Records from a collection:
◆ ◆ ◆
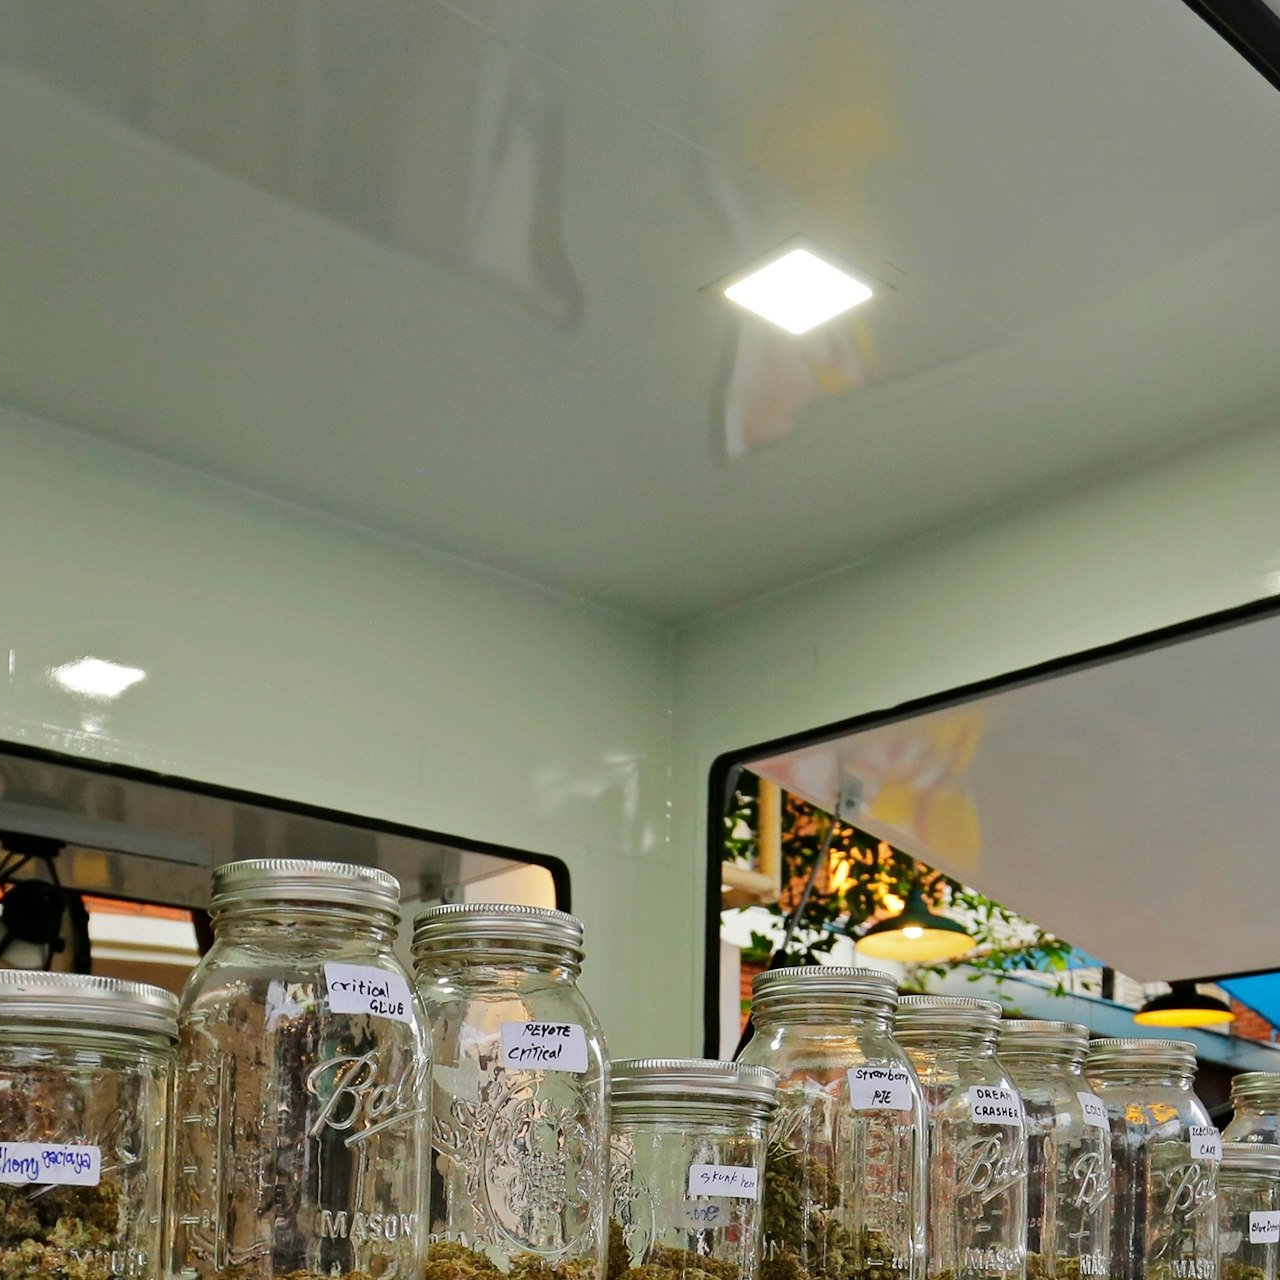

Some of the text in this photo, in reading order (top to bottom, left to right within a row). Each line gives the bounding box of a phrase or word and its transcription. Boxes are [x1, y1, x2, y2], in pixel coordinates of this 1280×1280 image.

[331, 978, 390, 999] critical
[522, 1023, 571, 1038] PEYOTE
[976, 1088, 1013, 1101] DREAM
[974, 1104, 1019, 1118] CRASHER
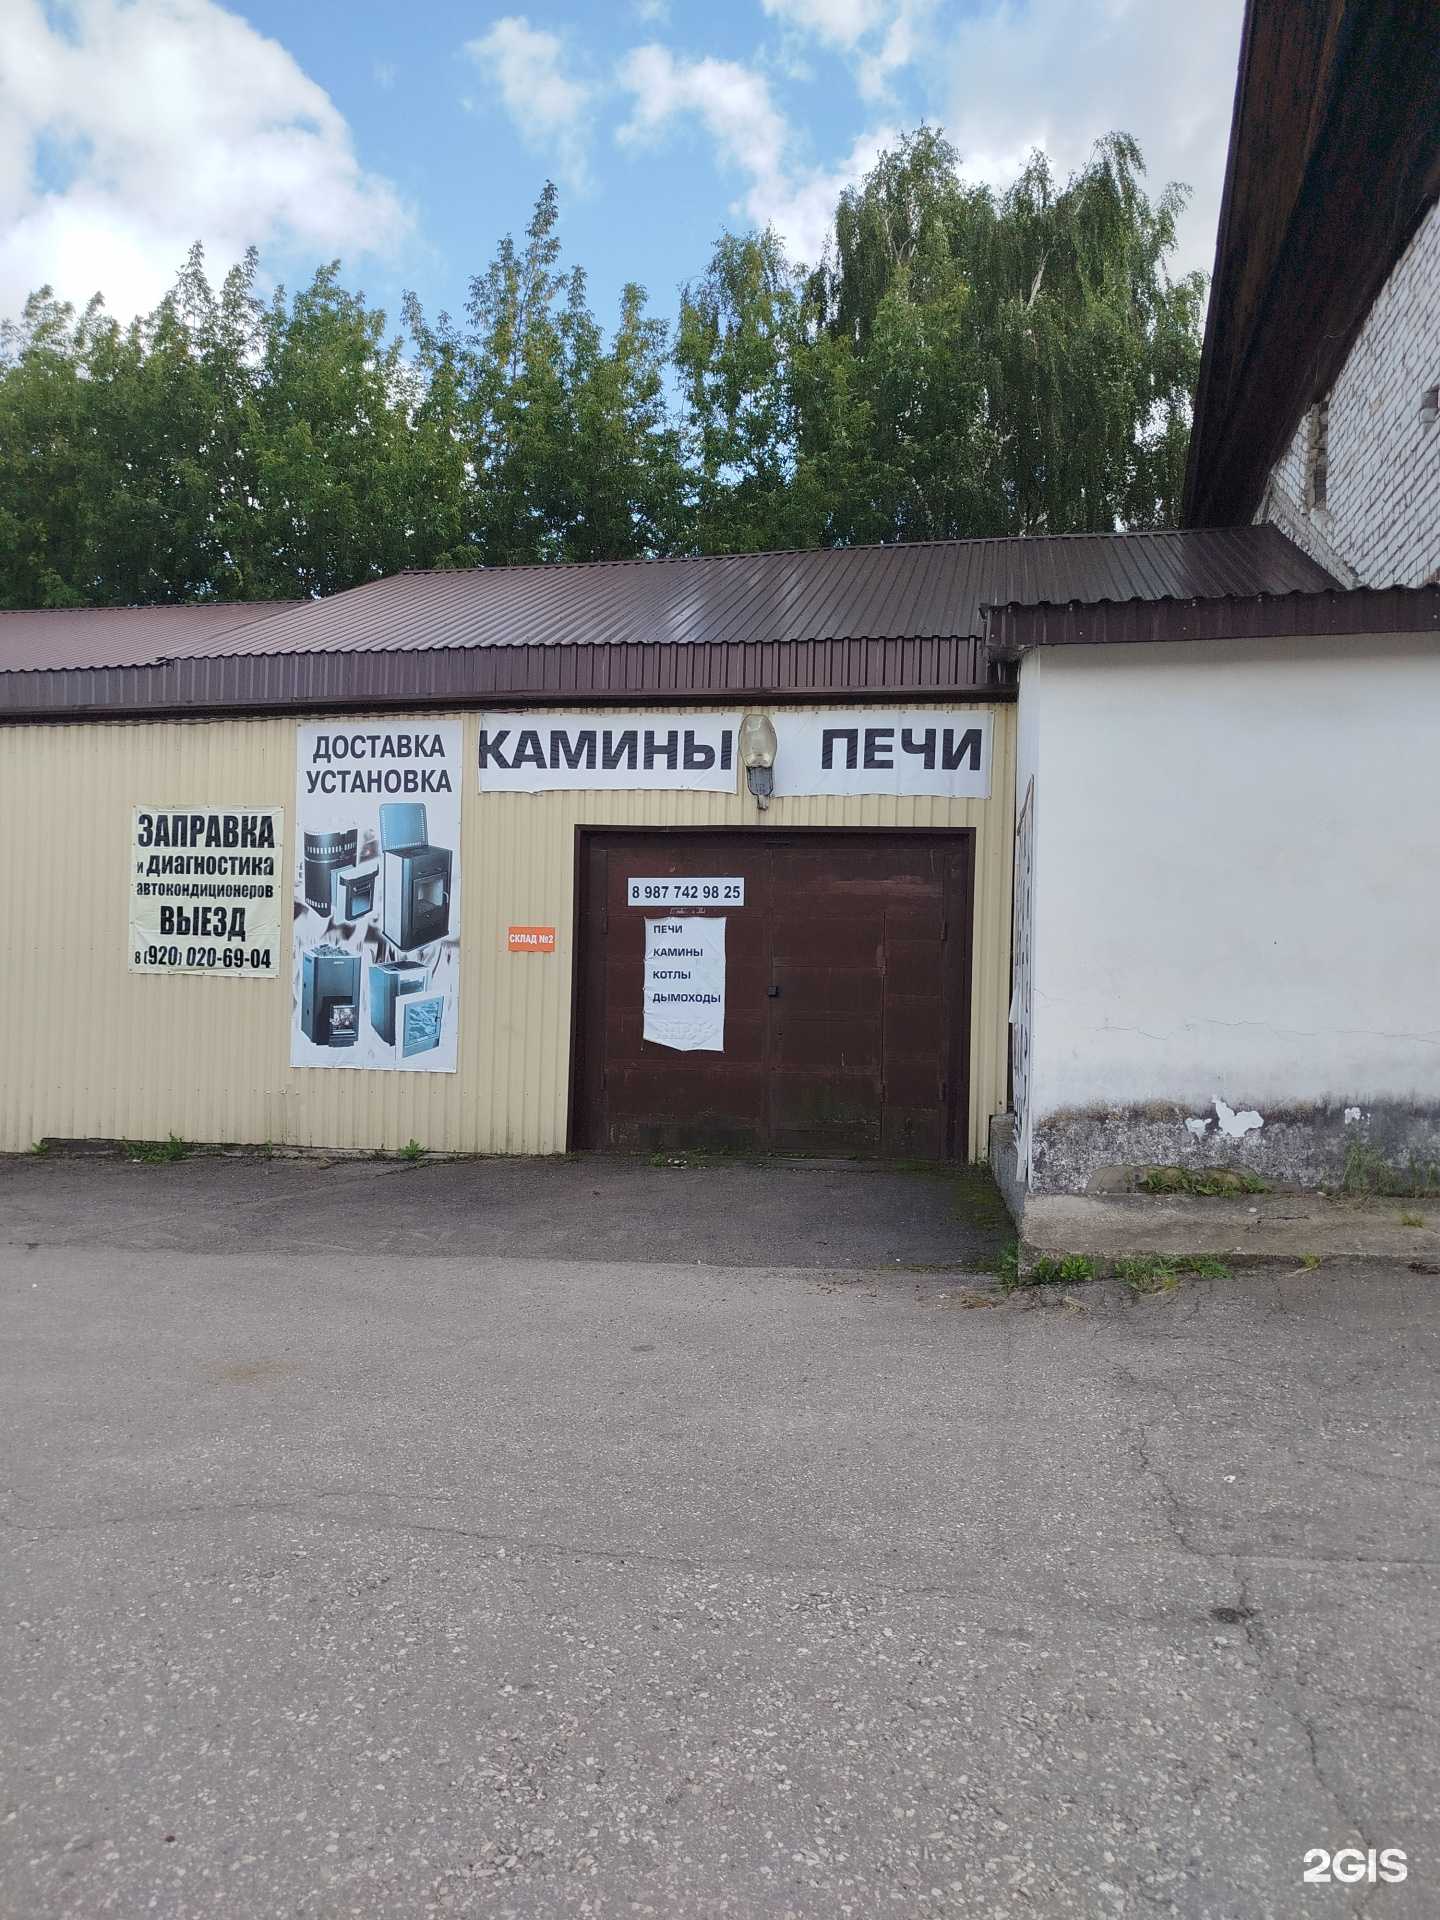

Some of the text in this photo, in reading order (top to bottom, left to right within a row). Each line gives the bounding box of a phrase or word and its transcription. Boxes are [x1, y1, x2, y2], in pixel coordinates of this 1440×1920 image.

[313, 734, 446, 764] ДОСТАВКА
[478, 729, 733, 770] КАМИНЫ
[821, 728, 983, 770] ПЕЧИ
[306, 769, 453, 794] УСТАНОВКА
[137, 814, 275, 849] ЗАПРАВКА
[136, 861, 144, 874] и
[136, 882, 274, 900] автокондиционеров
[631, 885, 741, 899] 8 987 742 98 25
[159, 905, 246, 942] ВЫЕЗД
[653, 925, 683, 934] ПЕЧИ
[510, 934, 554, 945] СКЛАД №2
[134, 945, 272, 969] 8 (920) 020-69-04
[653, 948, 704, 957] КАМИНЫ
[652, 970, 691, 980] КОТЛЫ
[652, 993, 721, 1004] ДЫМОХОДЫ
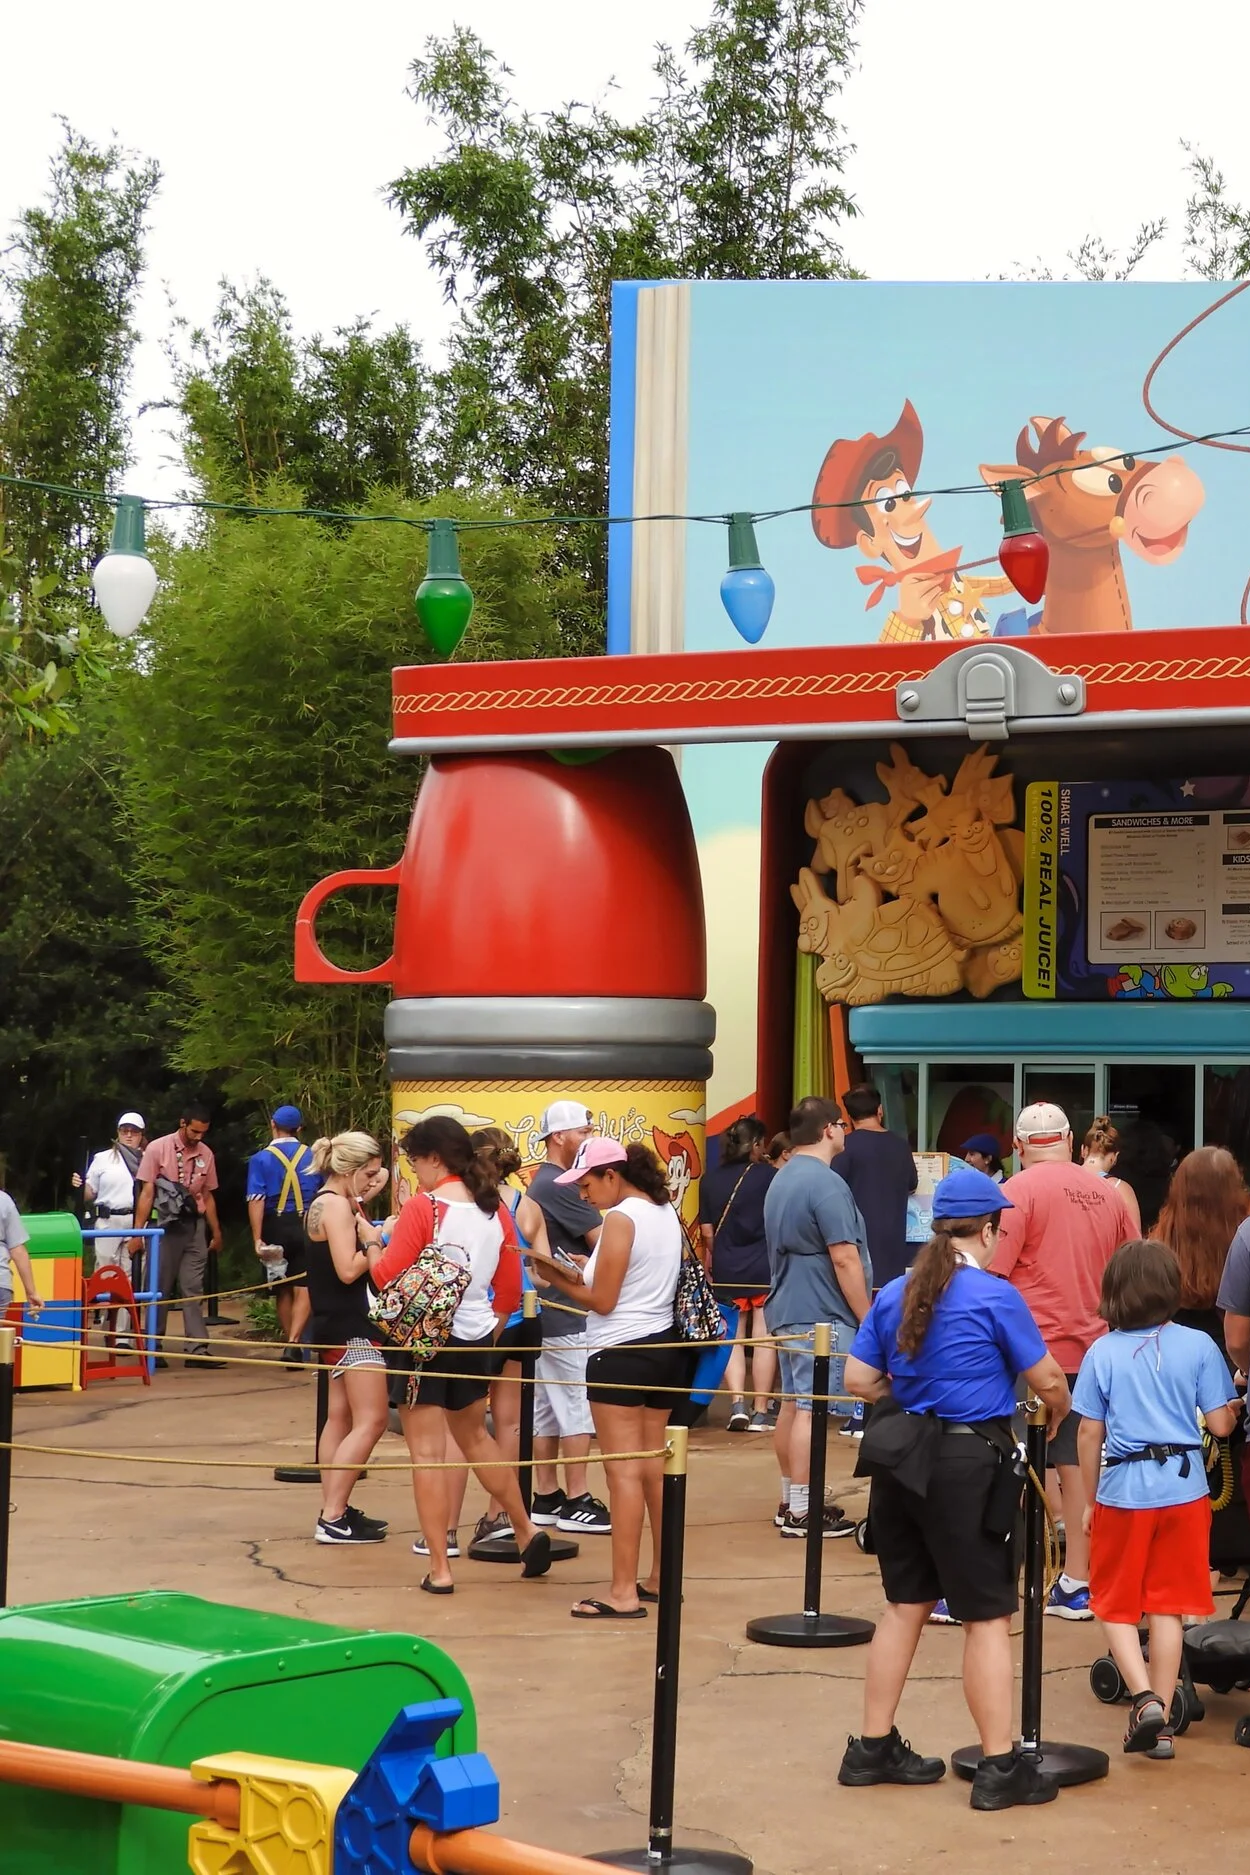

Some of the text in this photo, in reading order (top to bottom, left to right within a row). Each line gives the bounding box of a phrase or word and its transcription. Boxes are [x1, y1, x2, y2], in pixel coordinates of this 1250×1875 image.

[1060, 788, 1071, 857] SHAKE WELL
[1111, 816, 1193, 827] SANDWICHES & MORE
[1232, 855, 1250, 864] KIDS
[1038, 789, 1053, 990] 100% REAL JUICE!
◆ ◆ ◆
Problem description
Transcribe the records above exactly, but only from the line that contains "this 1250×1875 image." through their final line, inclusive.

Solution to this problem
Some of the text in this photo, in reading order (top to bottom, left to right within a row). Each line gives the bounding box of a phrase or word and its transcription. Boxes are [x1, y1, x2, y2], in pixel coordinates of this 1250×1875 image.

[1060, 788, 1071, 857] SHAKE WELL
[1111, 816, 1193, 827] SANDWICHES & MORE
[1232, 855, 1250, 864] KIDS
[1038, 789, 1053, 990] 100% REAL JUICE!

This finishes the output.